↓↓↓

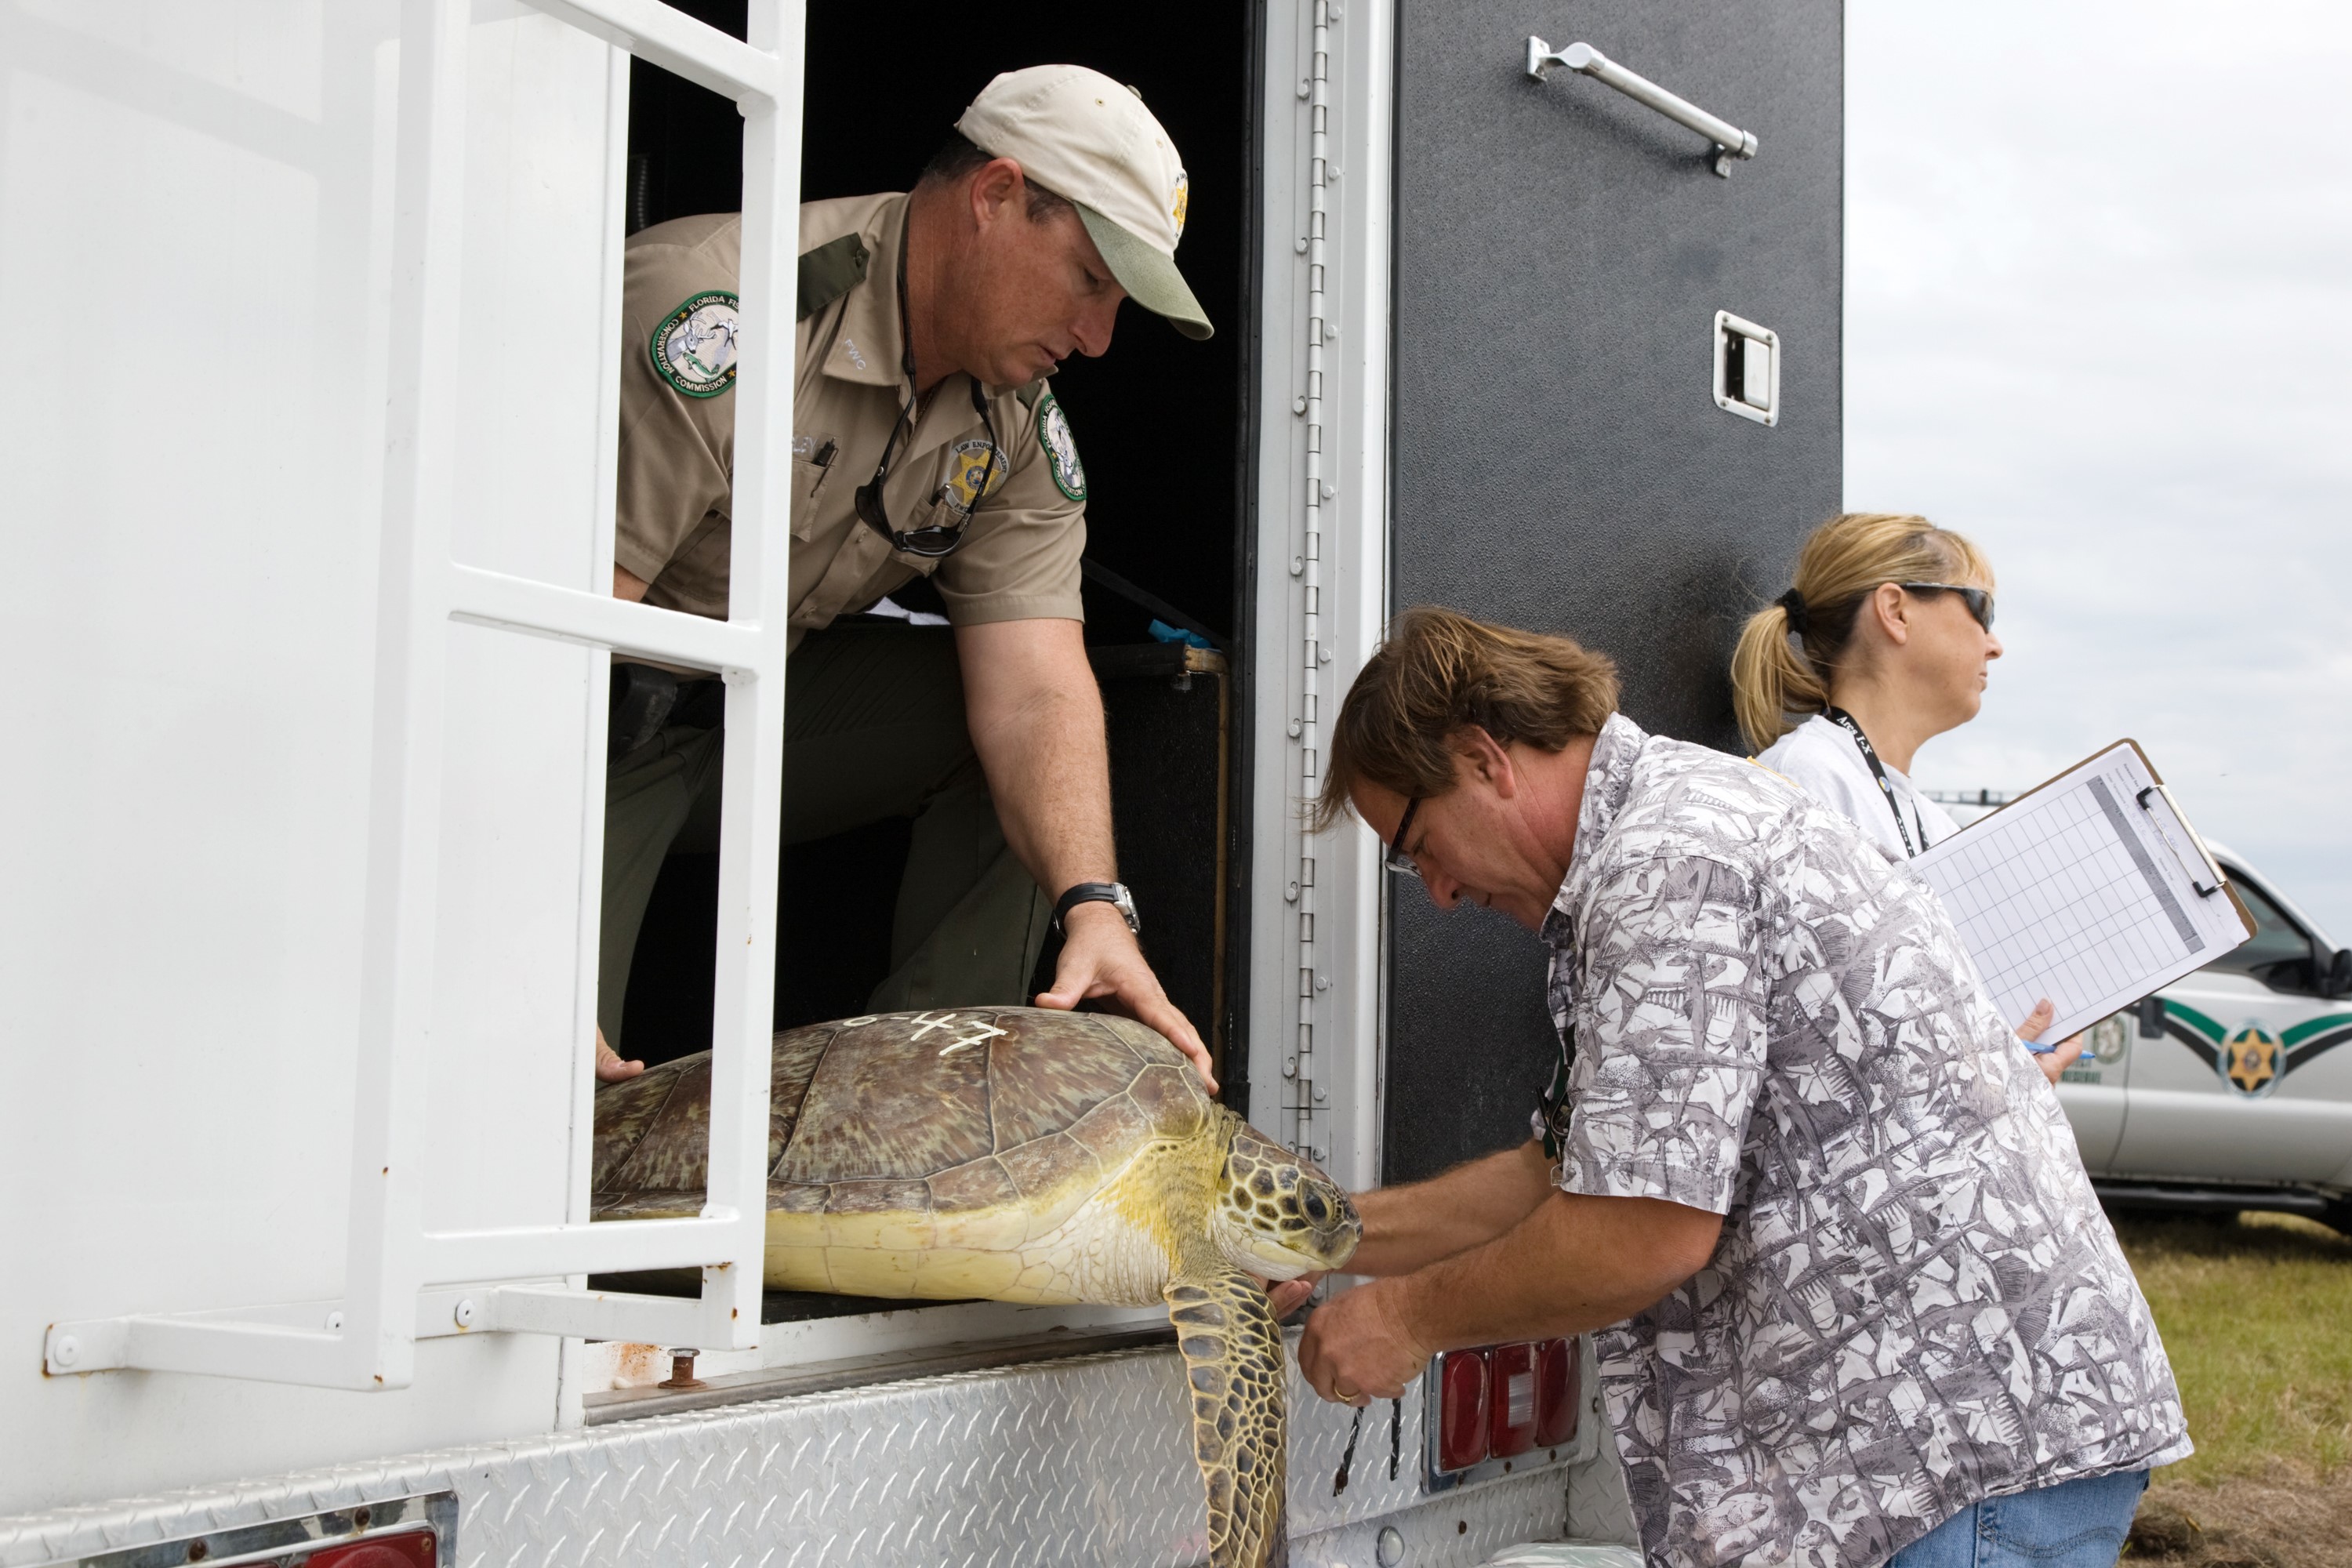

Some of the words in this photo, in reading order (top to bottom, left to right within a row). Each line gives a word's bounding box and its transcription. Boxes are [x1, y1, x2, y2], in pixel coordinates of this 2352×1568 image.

[688, 296, 725, 312] FLORIDA
[728, 298, 739, 310] FIS
[657, 318, 679, 374] CONSERVATION
[675, 376, 727, 392] COMMISSION
[1042, 415, 1051, 448] FLORIDA
[956, 442, 970, 454] LAW
[972, 441, 1007, 474] ENFOEMENT
[1055, 462, 1083, 496] CONSERVATION
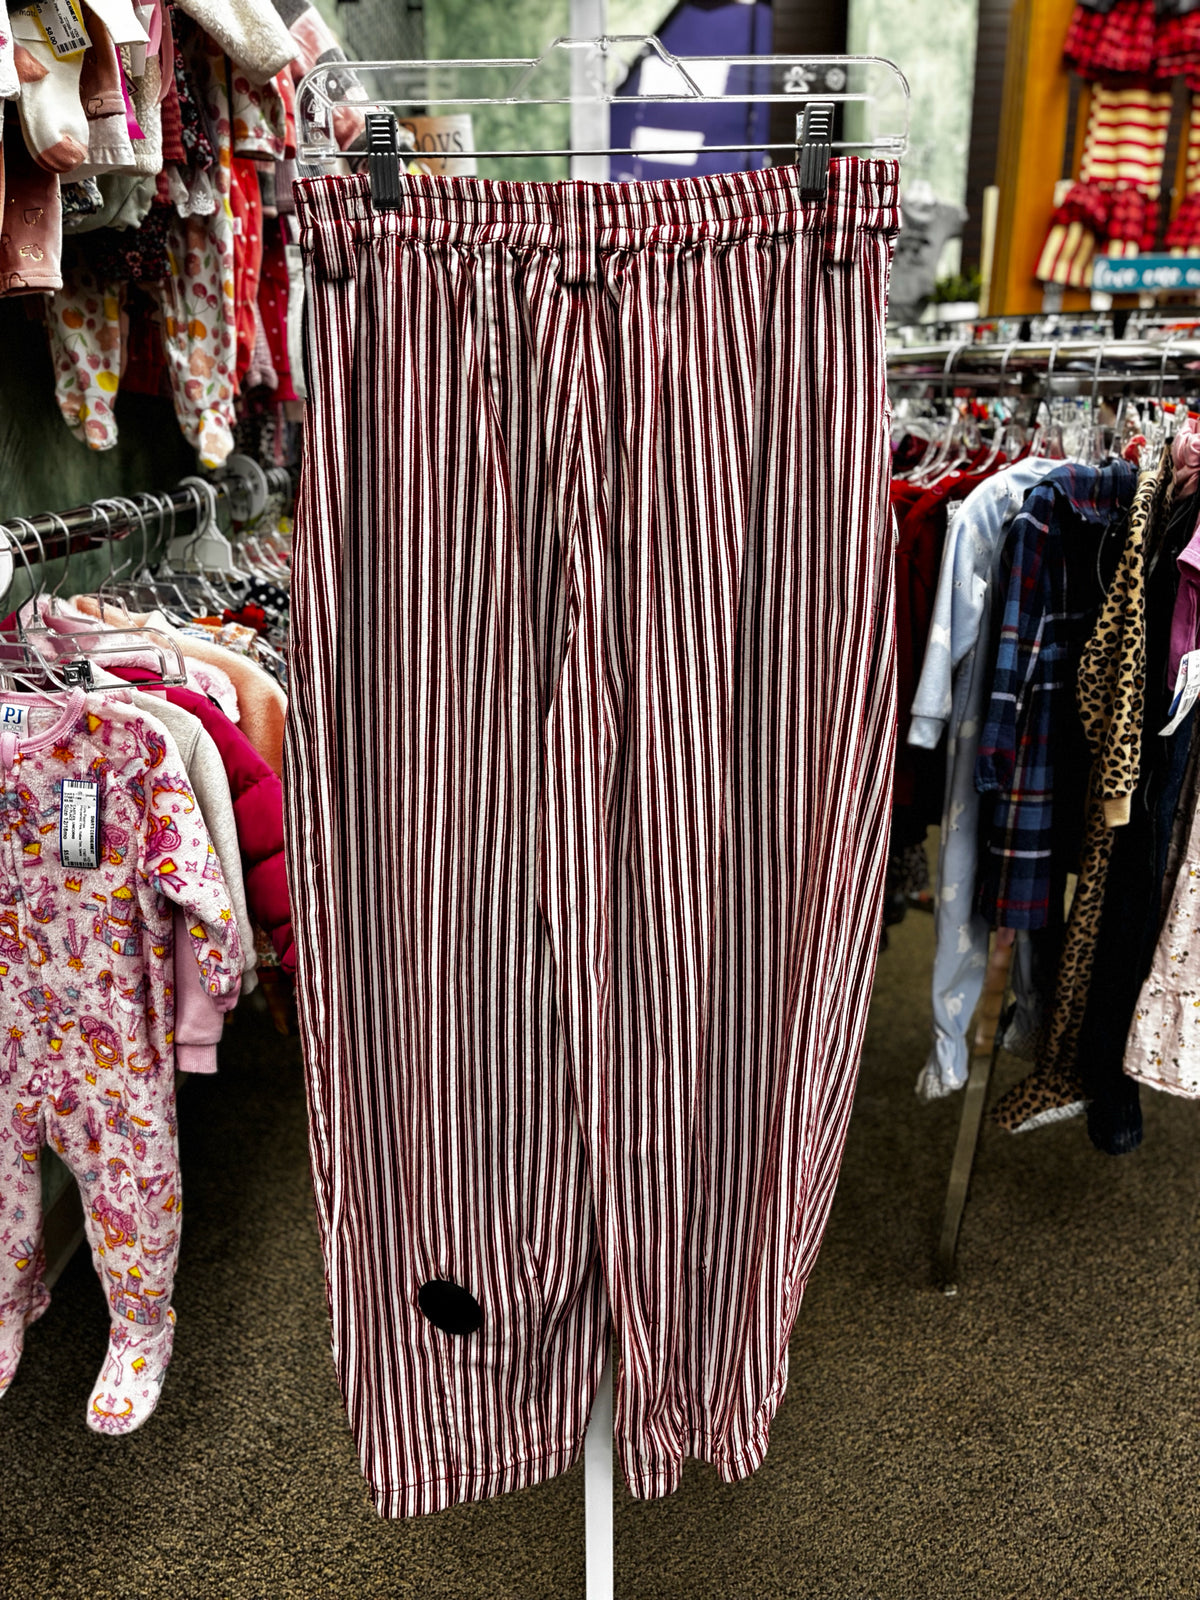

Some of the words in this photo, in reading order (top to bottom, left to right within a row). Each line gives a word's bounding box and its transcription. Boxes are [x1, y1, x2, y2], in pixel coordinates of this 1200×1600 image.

[45, 26, 57, 45] $8.00
[3, 706, 24, 724] PJ
[3, 724, 24, 732] PLACE

↑↑↑

### Work required
Go through the data above and transcribe it in full, omitting any image.

### The completed task
Some of the words in this photo, in reading order (top to bottom, left to right within a row). Each line gives a word's bounding box and its transcription. Boxes are [x1, y1, x2, y2], in pixel coordinates of this 2352×1568 image.

[688, 296, 725, 312] FLORIDA
[728, 298, 739, 310] FIS
[657, 318, 679, 374] CONSERVATION
[675, 376, 727, 392] COMMISSION
[1042, 415, 1051, 448] FLORIDA
[956, 442, 970, 454] LAW
[972, 441, 1007, 474] ENFOEMENT
[1055, 462, 1083, 496] CONSERVATION

Some of the words in this photo, in reading order (top to bottom, left to right within a row). Each line gives a word's bounding box and its transcription. Boxes are [x1, y1, x2, y2], in pixel coordinates of this 1200×1600 image.

[45, 26, 57, 45] $8.00
[3, 706, 24, 724] PJ
[3, 724, 24, 732] PLACE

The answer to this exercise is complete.